- Etymology: Indian in Hindi: जोर
- Other names: Jod or Jhor
- Cultural origins: Around the 12th Century, India northern regions of the Indian subcontinent, namely India, Pakistan and Bangladesh
- Typical instruments: Santur; Sardom; Sitar; Bansuri; Esraj; Rudra Veena;

Subgenres
- Raga; Tala; Alap; Dhrupad; Jhala;

= Jor (music) =

In Hindustani classical music, the jor (Hindi: जोर, /hns/; also spelt jod and jhor) is a formal section of composition in the long elaboration (alap) of a raga that forms the beginning of a performance. It comes after alap and precedes jhala, the climax. Jor is the instrumental equivalent of nomtom in the dhrupad vocal style of Indian music. Both have a simple pulse but no well-defined rhythmic cycle.

== Origin and terminology ==
Jor (or jod) is an instrumental interpretation of nomtom which is an introductory style that is characterised by its modest rhythm and lack of rhythmic cycle (also known as tal). Jor is present in most Hindustani classical music through the raga, as an articulate and rapid pulse that the alap transitions into, followed by jhala.

== In Hindustani music ==

Indian classical music is divided into 2 sections: Hindustani and Carnatic Music. Both musical styles inhabit the core traditions of India culture, and are portrayed as one of the most prestigious types of music.  These two traditional types of music are both defined by the Sanskrit term "sangita" which refers to the fusion of all the elements, of song, instrumental music and dance. Hindustani Music is primarily found in the Northern areas of India, Bangladesh and Pakistan. The oral nature of North Indian Music allows for expressive communication between the performers and audience. Raga and Dhrupad are the two main forms of Hindustani classical music and form the prominent structure of Indian Classical Music. The musical section of Jor is prominent in Raga and follows the cyclical and linear progression of Hindustani music.

=== Raga ===

The concept of Raga (Rag) can be divided into 5 different components as proposed by Nazir Ali Jairazbhoy:
1. Scale
2. Ascending and descending line
3. Transilience
4. Emphasised notes and register
5. Intonation and obligatory embellishments

Raga is derived from Sanskrit, a classical language from South Asia, and is defined as "the act of colouring and dyeing." Amongst Indian Classical Music, raga is identified as the basic melodic framework and acts as a communication medium for two musicians. In the Raga there is a constant interplay between what is learnt from the performance, what is known and what is continued through improvisation. A raga utilises a particular scale and combines it with prototypical melodic patterns, creating combinations of tonic intervals which evoke unique emotions.

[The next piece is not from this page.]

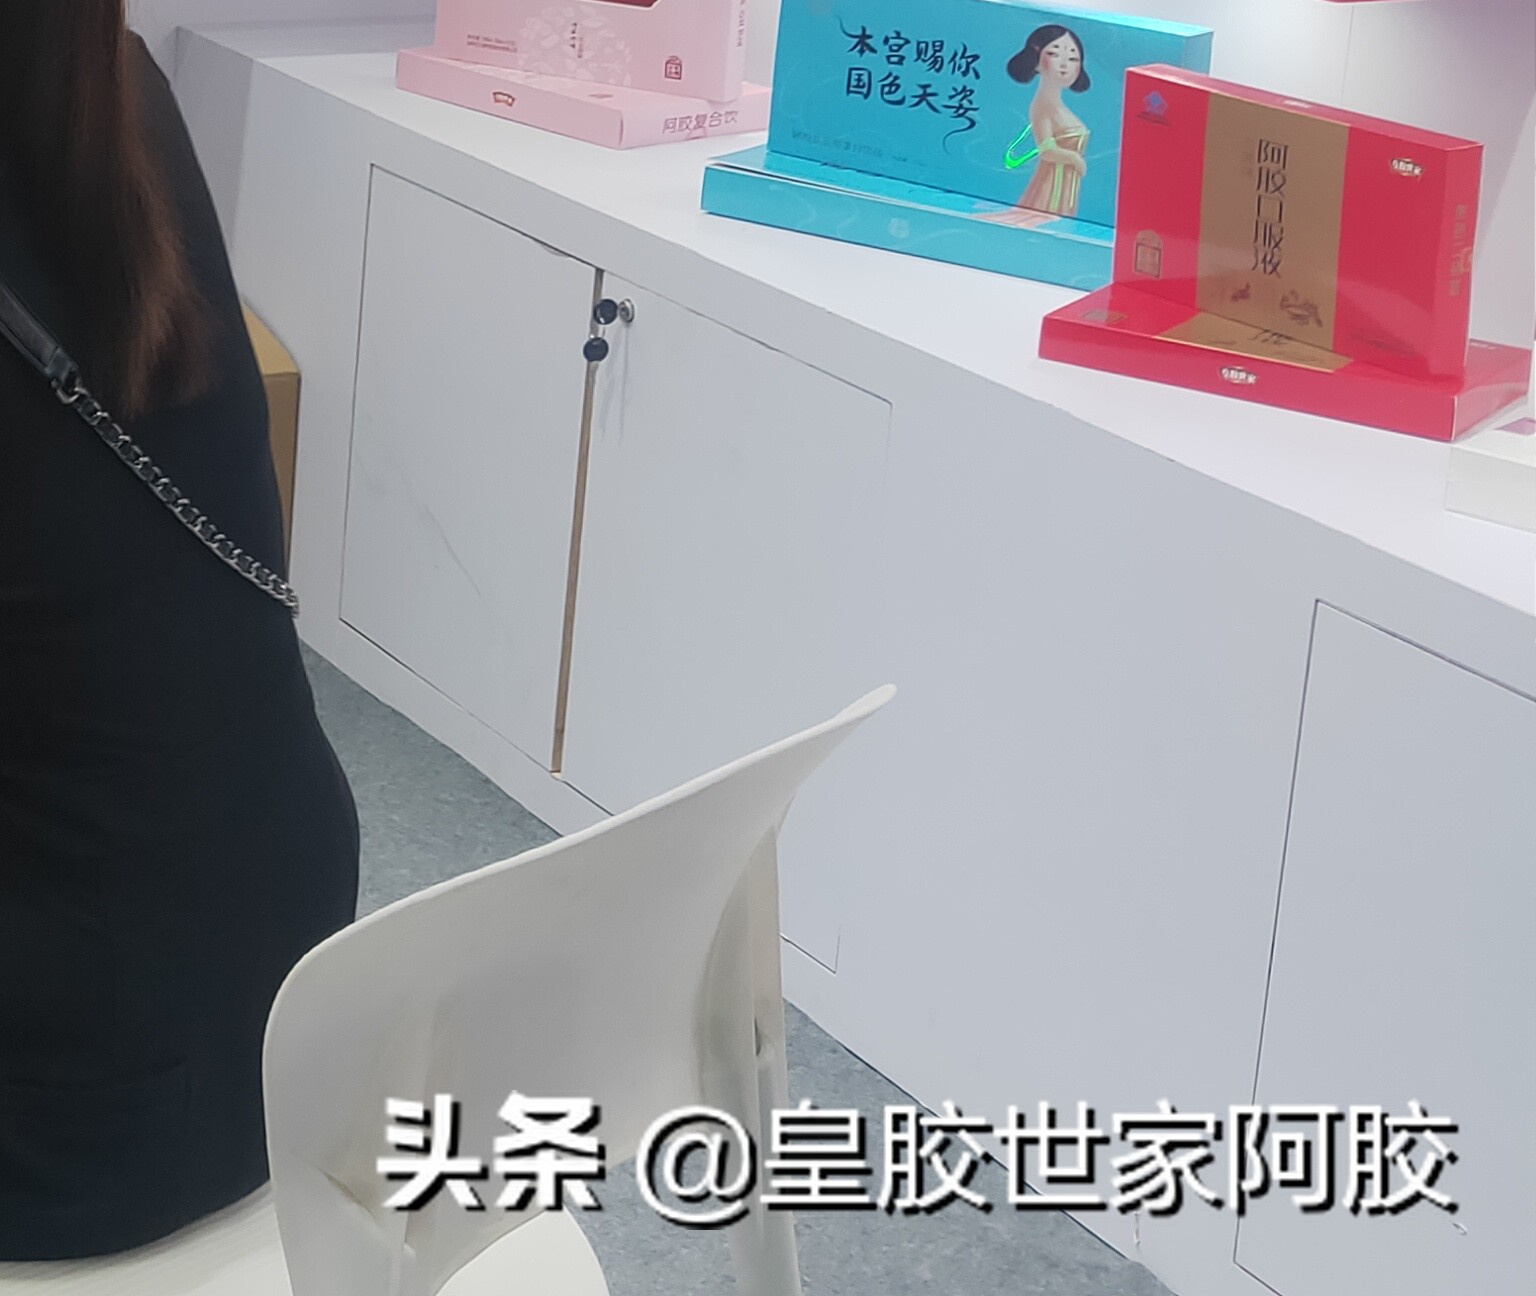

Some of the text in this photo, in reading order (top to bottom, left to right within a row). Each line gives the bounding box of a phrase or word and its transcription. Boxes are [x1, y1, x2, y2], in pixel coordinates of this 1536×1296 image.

[841, 20, 981, 81] 本宫赐你
[662, 110, 738, 135] 阿胶复合饮
[846, 66, 981, 151] 国色天姿
[1252, 138, 1289, 279] 阿胶口服液

A typical raga composition is shown as sequences of events, starting with the alap and followed by the gat. A performance of raga depends on the balance between the melody and the way the audience and performer engage with the material. The Jor is situated between the Alap and Jhala, commonly known as the instrumental Alap-Jor-Jhala-Gat format. This framework details the unmetered instrumental structure of the Raga, which is performed with a regular pulse and over a wider melodic range. This format is the foundation of Dhrupad as was introduced into the West in the 20th century.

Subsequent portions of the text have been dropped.